▸ What the exercise asks:
All of the records must be repeated exactly.

--

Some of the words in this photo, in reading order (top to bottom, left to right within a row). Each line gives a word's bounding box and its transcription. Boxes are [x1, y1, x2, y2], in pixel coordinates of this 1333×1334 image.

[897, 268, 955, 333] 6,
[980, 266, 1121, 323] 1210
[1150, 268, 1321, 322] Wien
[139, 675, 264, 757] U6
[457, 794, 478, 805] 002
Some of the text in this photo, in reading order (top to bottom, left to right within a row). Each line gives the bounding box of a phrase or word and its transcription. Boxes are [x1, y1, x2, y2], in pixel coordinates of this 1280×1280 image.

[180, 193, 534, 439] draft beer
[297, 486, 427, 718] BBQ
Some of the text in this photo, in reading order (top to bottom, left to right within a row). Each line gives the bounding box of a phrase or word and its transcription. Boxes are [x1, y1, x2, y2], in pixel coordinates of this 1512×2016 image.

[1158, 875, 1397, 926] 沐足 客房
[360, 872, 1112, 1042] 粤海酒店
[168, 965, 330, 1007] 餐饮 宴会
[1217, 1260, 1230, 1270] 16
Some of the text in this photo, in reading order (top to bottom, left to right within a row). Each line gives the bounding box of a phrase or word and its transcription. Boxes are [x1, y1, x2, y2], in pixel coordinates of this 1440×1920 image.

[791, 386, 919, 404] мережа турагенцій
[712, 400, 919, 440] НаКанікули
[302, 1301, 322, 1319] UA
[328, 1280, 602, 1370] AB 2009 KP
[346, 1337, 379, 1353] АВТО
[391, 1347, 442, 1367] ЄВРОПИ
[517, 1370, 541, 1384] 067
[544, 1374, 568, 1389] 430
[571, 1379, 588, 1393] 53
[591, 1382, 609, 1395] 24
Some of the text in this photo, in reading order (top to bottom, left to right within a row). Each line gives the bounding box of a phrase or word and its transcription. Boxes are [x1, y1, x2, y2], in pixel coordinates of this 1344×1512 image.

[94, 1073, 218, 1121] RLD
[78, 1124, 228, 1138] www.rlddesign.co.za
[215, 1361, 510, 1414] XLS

--

▸ Exercise result:
Some of the words in this photo, in reading order (top to bottom, left to right within a row). Each line gives a word's bounding box and its transcription. Boxes are [x1, y1, x2, y2], in pixel coordinates of this 1333×1334 image.

[897, 268, 955, 333] 6,
[980, 266, 1121, 323] 1210
[1150, 268, 1321, 322] Wien
[139, 675, 264, 757] U6
[457, 794, 478, 805] 002
Some of the text in this photo, in reading order (top to bottom, left to right within a row). Each line gives the bounding box of a phrase or word and its transcription. Boxes are [x1, y1, x2, y2], in pixel coordinates of this 1280×1280 image.

[180, 193, 534, 439] draft beer
[297, 486, 427, 718] BBQ
Some of the text in this photo, in reading order (top to bottom, left to right within a row). Each line gives the bounding box of a phrase or word and its transcription. Boxes are [x1, y1, x2, y2], in pixel coordinates of this 1512×2016 image.

[1158, 875, 1397, 926] 沐足 客房
[360, 872, 1112, 1042] 粤海酒店
[168, 965, 330, 1007] 餐饮 宴会
[1217, 1260, 1230, 1270] 16
Some of the text in this photo, in reading order (top to bottom, left to right within a row). Each line gives the bounding box of a phrase or word and its transcription. Boxes are [x1, y1, x2, y2], in pixel coordinates of this 1440×1920 image.

[791, 386, 919, 404] мережа турагенцій
[712, 400, 919, 440] НаКанікули
[302, 1301, 322, 1319] UA
[328, 1280, 602, 1370] AB 2009 KP
[346, 1337, 379, 1353] АВТО
[391, 1347, 442, 1367] ЄВРОПИ
[517, 1370, 541, 1384] 067
[544, 1374, 568, 1389] 430
[571, 1379, 588, 1393] 53
[591, 1382, 609, 1395] 24
Some of the text in this photo, in reading order (top to bottom, left to right within a row). Each line gives the bounding box of a phrase or word and its transcription. Boxes are [x1, y1, x2, y2], in pixel coordinates of this 1344×1512 image.

[94, 1073, 218, 1121] RLD
[78, 1124, 228, 1138] www.rlddesign.co.za
[215, 1361, 510, 1414] XLS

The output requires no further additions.